**ASSIGNMENT**: Could you give the whole listing again, exactly as it reads?

_ _ _ _

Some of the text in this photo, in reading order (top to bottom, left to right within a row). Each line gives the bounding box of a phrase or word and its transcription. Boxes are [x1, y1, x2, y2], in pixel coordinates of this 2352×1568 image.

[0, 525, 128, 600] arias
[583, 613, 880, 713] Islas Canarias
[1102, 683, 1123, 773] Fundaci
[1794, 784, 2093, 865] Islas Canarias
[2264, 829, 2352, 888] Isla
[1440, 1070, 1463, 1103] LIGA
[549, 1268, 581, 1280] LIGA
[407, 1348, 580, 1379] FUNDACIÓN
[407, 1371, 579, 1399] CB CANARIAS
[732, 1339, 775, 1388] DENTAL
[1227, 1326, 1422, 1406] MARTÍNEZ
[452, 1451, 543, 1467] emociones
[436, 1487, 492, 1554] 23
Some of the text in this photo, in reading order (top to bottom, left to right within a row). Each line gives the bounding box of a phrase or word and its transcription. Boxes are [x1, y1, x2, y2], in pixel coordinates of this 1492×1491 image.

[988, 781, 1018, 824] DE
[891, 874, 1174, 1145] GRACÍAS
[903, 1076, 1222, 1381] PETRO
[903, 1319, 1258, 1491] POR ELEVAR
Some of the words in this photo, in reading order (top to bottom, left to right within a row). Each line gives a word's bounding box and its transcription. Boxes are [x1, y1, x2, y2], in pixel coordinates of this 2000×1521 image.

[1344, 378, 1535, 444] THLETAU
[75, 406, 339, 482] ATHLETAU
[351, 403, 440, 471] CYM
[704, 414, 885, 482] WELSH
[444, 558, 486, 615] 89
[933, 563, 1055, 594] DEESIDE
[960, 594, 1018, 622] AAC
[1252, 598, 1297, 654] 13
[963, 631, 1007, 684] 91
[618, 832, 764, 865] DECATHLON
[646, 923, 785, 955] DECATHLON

_ _ _ _

**SOLUTION TO THIS TASK**:
Some of the text in this photo, in reading order (top to bottom, left to right within a row). Each line gives the bounding box of a phrase or word and its transcription. Boxes are [x1, y1, x2, y2], in pixel coordinates of this 2352×1568 image.

[0, 525, 128, 600] arias
[583, 613, 880, 713] Islas Canarias
[1102, 683, 1123, 773] Fundaci
[1794, 784, 2093, 865] Islas Canarias
[2264, 829, 2352, 888] Isla
[1440, 1070, 1463, 1103] LIGA
[549, 1268, 581, 1280] LIGA
[407, 1348, 580, 1379] FUNDACIÓN
[407, 1371, 579, 1399] CB CANARIAS
[732, 1339, 775, 1388] DENTAL
[1227, 1326, 1422, 1406] MARTÍNEZ
[452, 1451, 543, 1467] emociones
[436, 1487, 492, 1554] 23
Some of the text in this photo, in reading order (top to bottom, left to right within a row). Each line gives the bounding box of a phrase or word and its transcription. Boxes are [x1, y1, x2, y2], in pixel coordinates of this 1492×1491 image.

[988, 781, 1018, 824] DE
[891, 874, 1174, 1145] GRACÍAS
[903, 1076, 1222, 1381] PETRO
[903, 1319, 1258, 1491] POR ELEVAR
Some of the words in this photo, in reading order (top to bottom, left to right within a row). Each line gives a word's bounding box and its transcription. Boxes are [x1, y1, x2, y2], in pixel coordinates of this 2000×1521 image.

[1344, 378, 1535, 444] THLETAU
[75, 406, 339, 482] ATHLETAU
[351, 403, 440, 471] CYM
[704, 414, 885, 482] WELSH
[444, 558, 486, 615] 89
[933, 563, 1055, 594] DEESIDE
[960, 594, 1018, 622] AAC
[1252, 598, 1297, 654] 13
[963, 631, 1007, 684] 91
[618, 832, 764, 865] DECATHLON
[646, 923, 785, 955] DECATHLON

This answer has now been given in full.